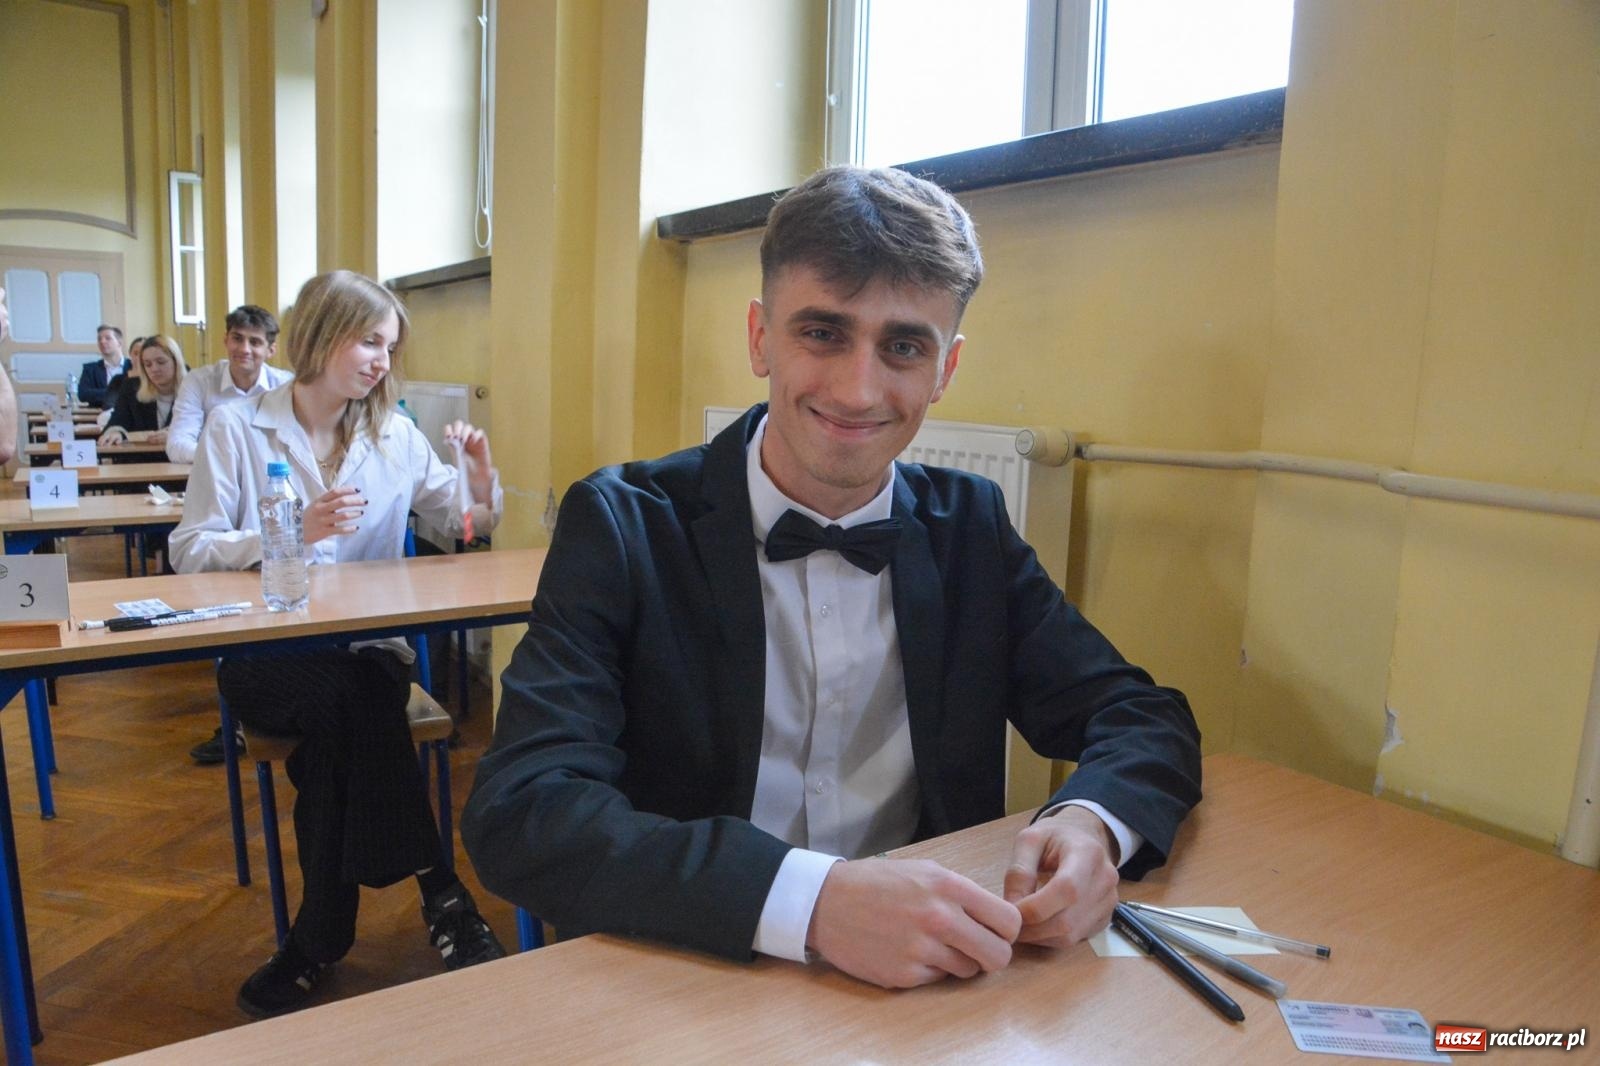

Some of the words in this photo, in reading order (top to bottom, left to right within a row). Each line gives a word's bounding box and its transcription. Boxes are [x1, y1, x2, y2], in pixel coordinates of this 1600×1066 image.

[58, 429, 65, 438] 6
[76, 451, 84, 462] 5
[49, 484, 60, 499] 4
[19, 582, 35, 608] 3
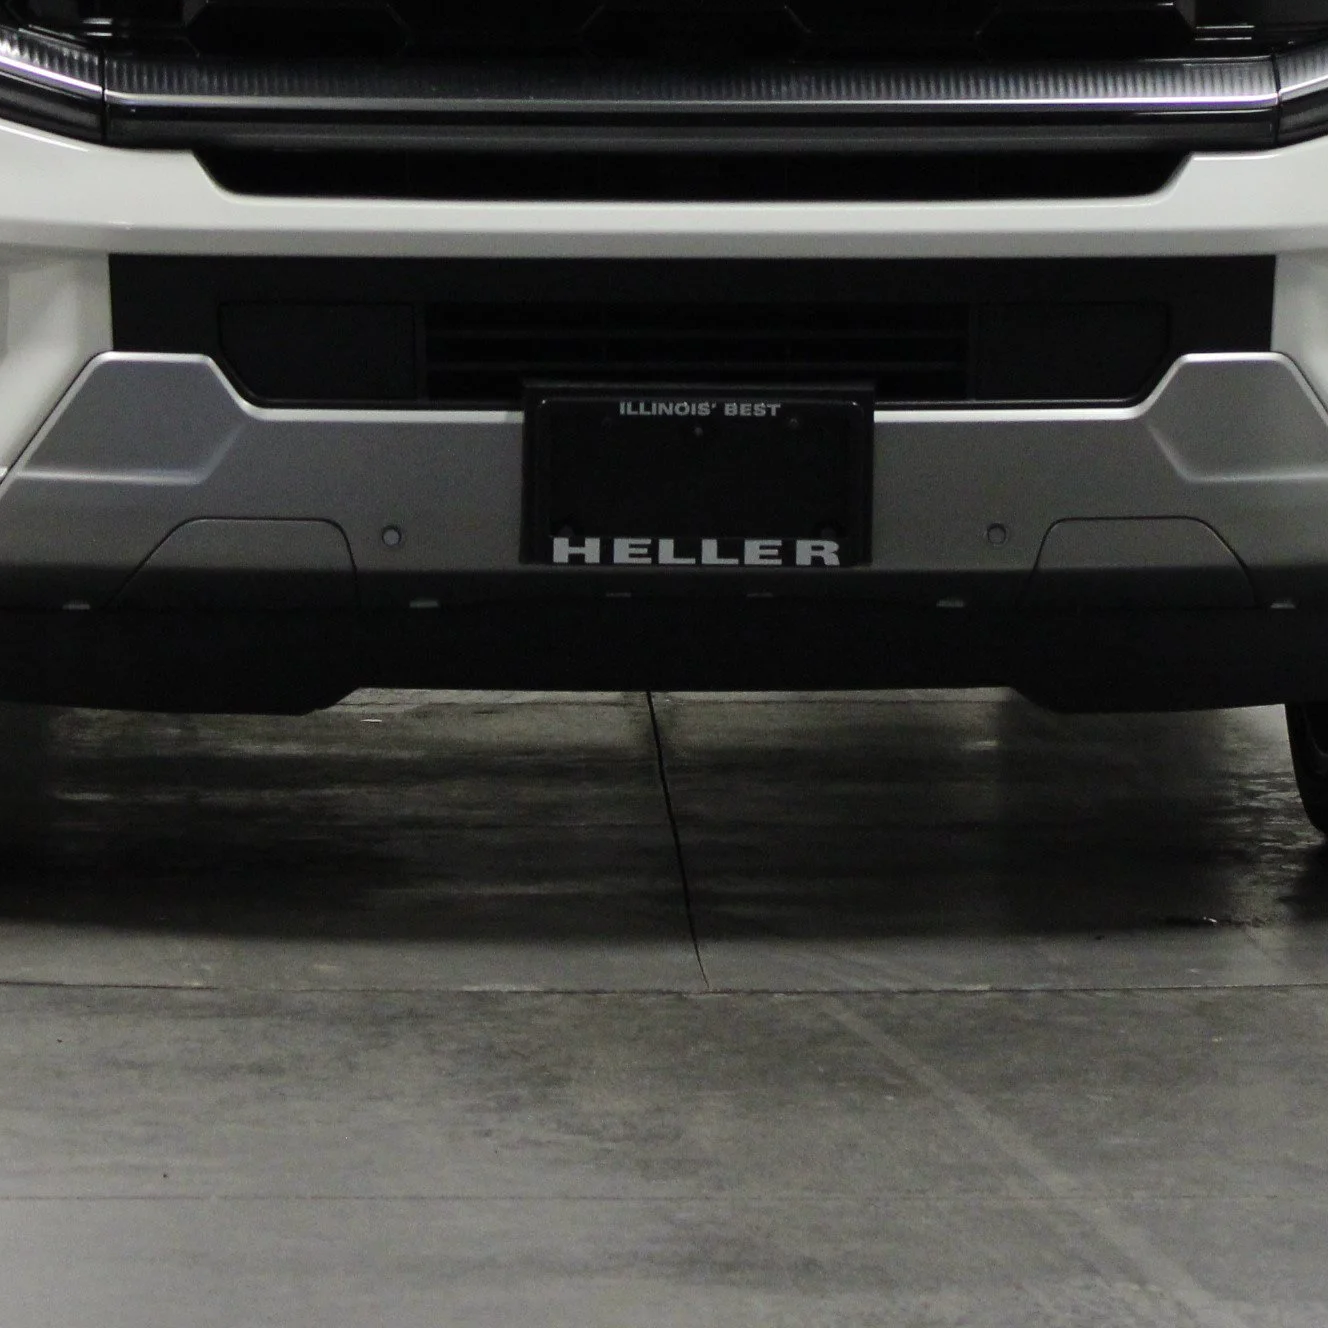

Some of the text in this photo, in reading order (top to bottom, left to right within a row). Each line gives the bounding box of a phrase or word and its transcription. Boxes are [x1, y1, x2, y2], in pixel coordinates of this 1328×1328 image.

[619, 401, 781, 417] ILLINOIS' BEST
[552, 536, 841, 566] HELLER
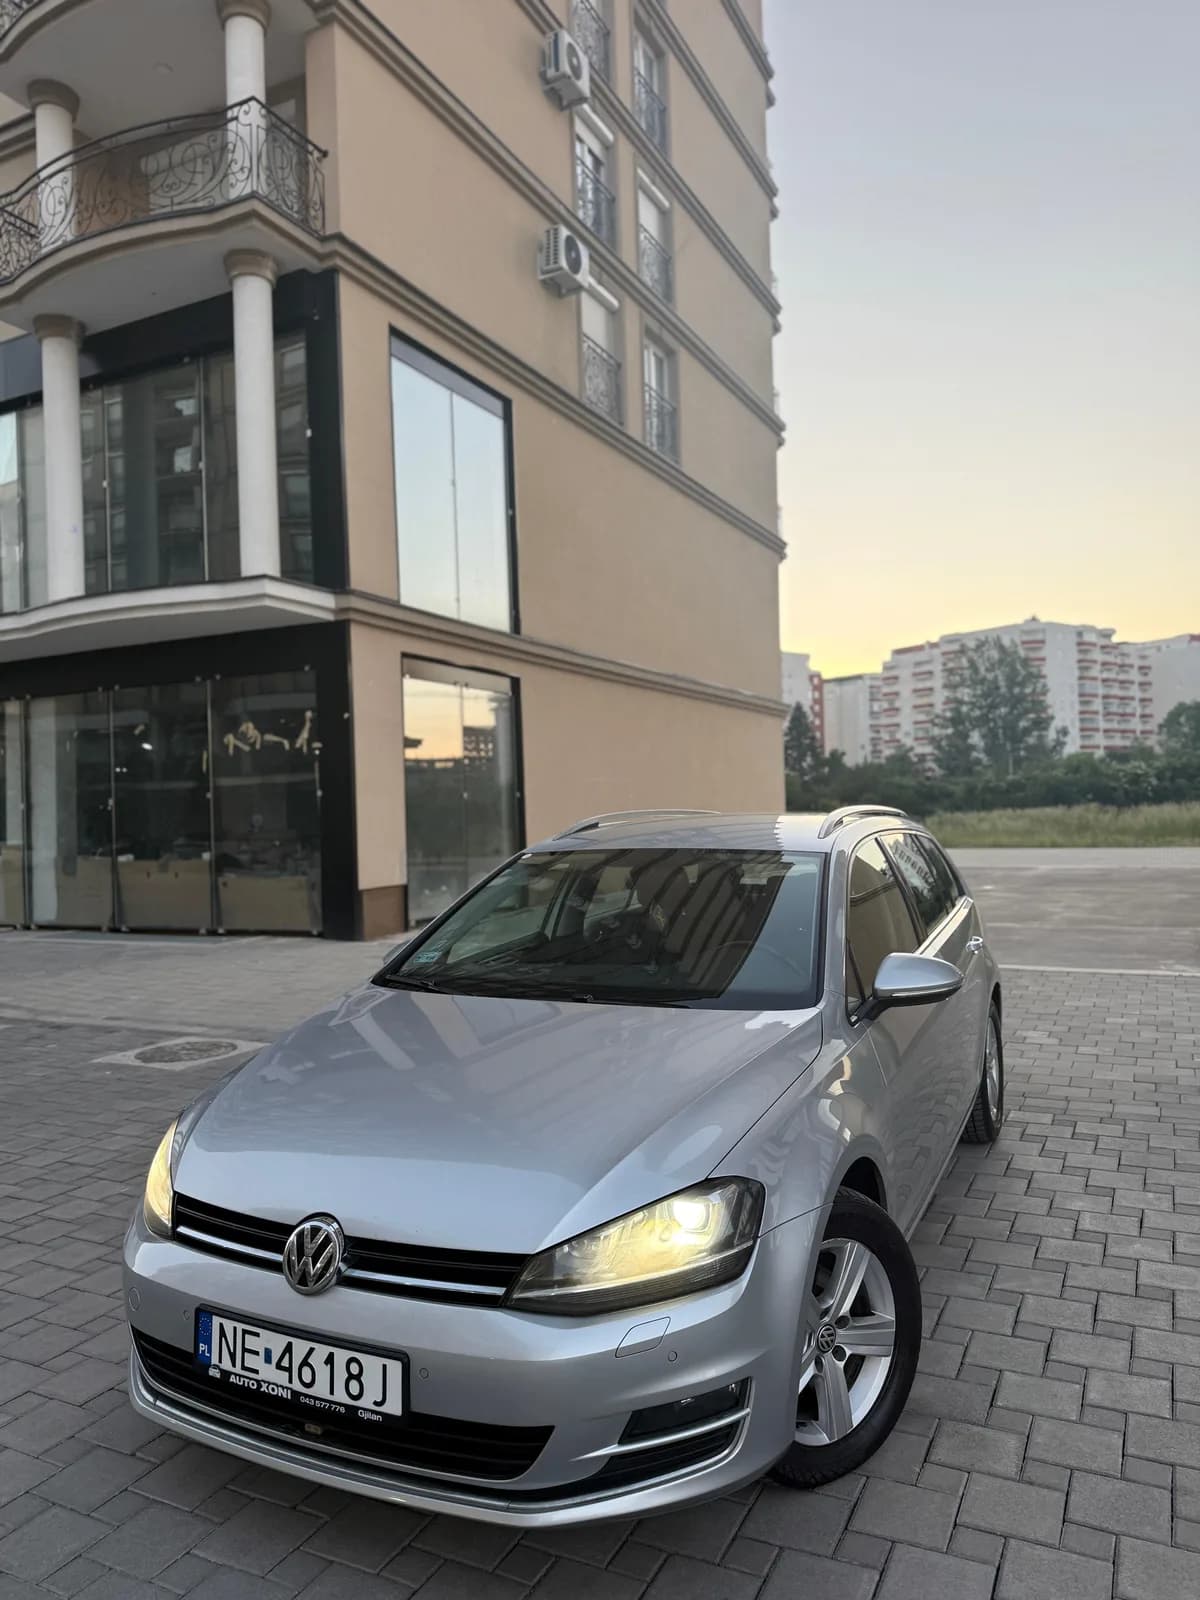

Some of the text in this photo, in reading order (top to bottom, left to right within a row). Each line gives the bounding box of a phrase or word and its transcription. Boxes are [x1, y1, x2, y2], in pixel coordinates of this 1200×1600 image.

[284, 1221, 339, 1293] VW
[200, 1343, 210, 1357] PL
[218, 1321, 387, 1407] NE 4618J
[230, 1374, 257, 1389] AUTO
[260, 1381, 291, 1400] XONI
[300, 1396, 314, 1406] 043
[357, 1409, 383, 1422] Gjilan
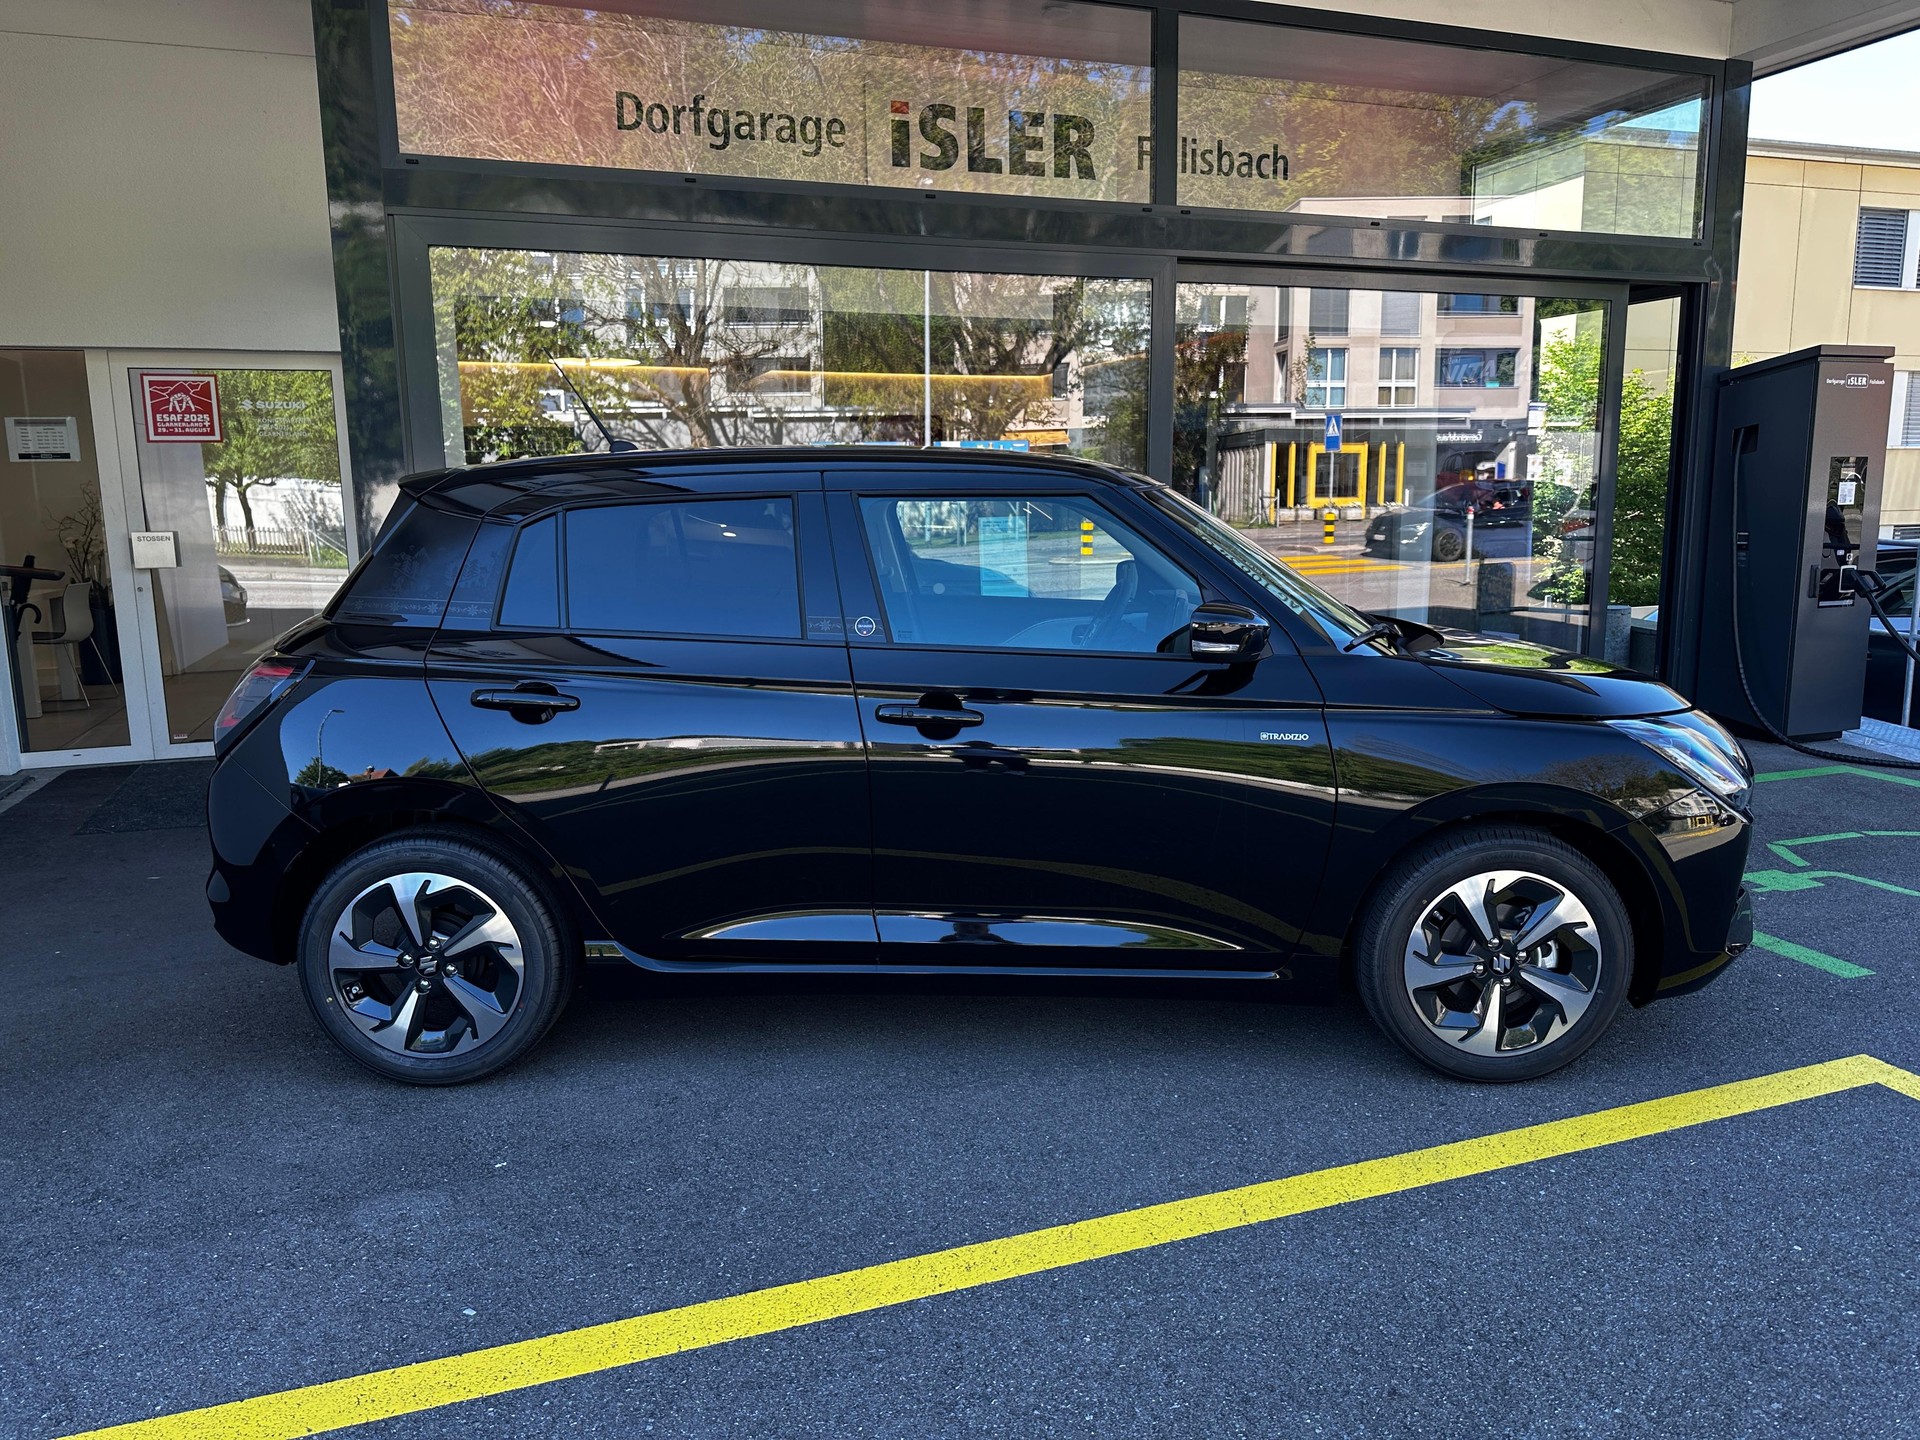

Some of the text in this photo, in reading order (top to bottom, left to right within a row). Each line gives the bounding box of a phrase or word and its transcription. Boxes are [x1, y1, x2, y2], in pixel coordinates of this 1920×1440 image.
================
WHAT IS BEING ASKED:
Word for word, return the material above; the pictures stay out.

RESPONSE AREA:
Some of the words in this photo, in reading order (top to bottom, left to right within a row). Each line gives a word's bounding box and its transcription. Boxes are [x1, y1, x2, y2], in pixel coordinates of this 1600×1066 image.

[58, 429, 65, 438] 6
[76, 451, 84, 462] 5
[49, 484, 60, 499] 4
[19, 582, 35, 608] 3

Some of the text in this photo, in reading order (top to bottom, left to right within a row). Each line gives the bounding box of a phrase or word and its transcription. Boxes are [x1, y1, x2, y2], in pixel coordinates of this 1328×1328 image.

[619, 401, 781, 417] ILLINOIS' BEST
[552, 536, 841, 566] HELLER

Some of the text in this photo, in reading order (top to bottom, left to right within a row). Each line gives the bounding box of a phrase or word and its transcription. Boxes are [x1, y1, x2, y2], in pixel coordinates of this 1200×1600 image.

[284, 1221, 339, 1293] VW
[200, 1343, 210, 1357] PL
[218, 1321, 387, 1407] NE 4618J
[230, 1374, 257, 1389] AUTO
[260, 1381, 291, 1400] XONI
[300, 1396, 314, 1406] 043
[357, 1409, 383, 1422] Gjilan

Some of the text in this photo, in reading order (top to bottom, left to right within a row). Each line gives the bounding box of a phrase or word and its transcription. Boxes are [x1, y1, x2, y2], in pixel coordinates of this 1920×1440 image.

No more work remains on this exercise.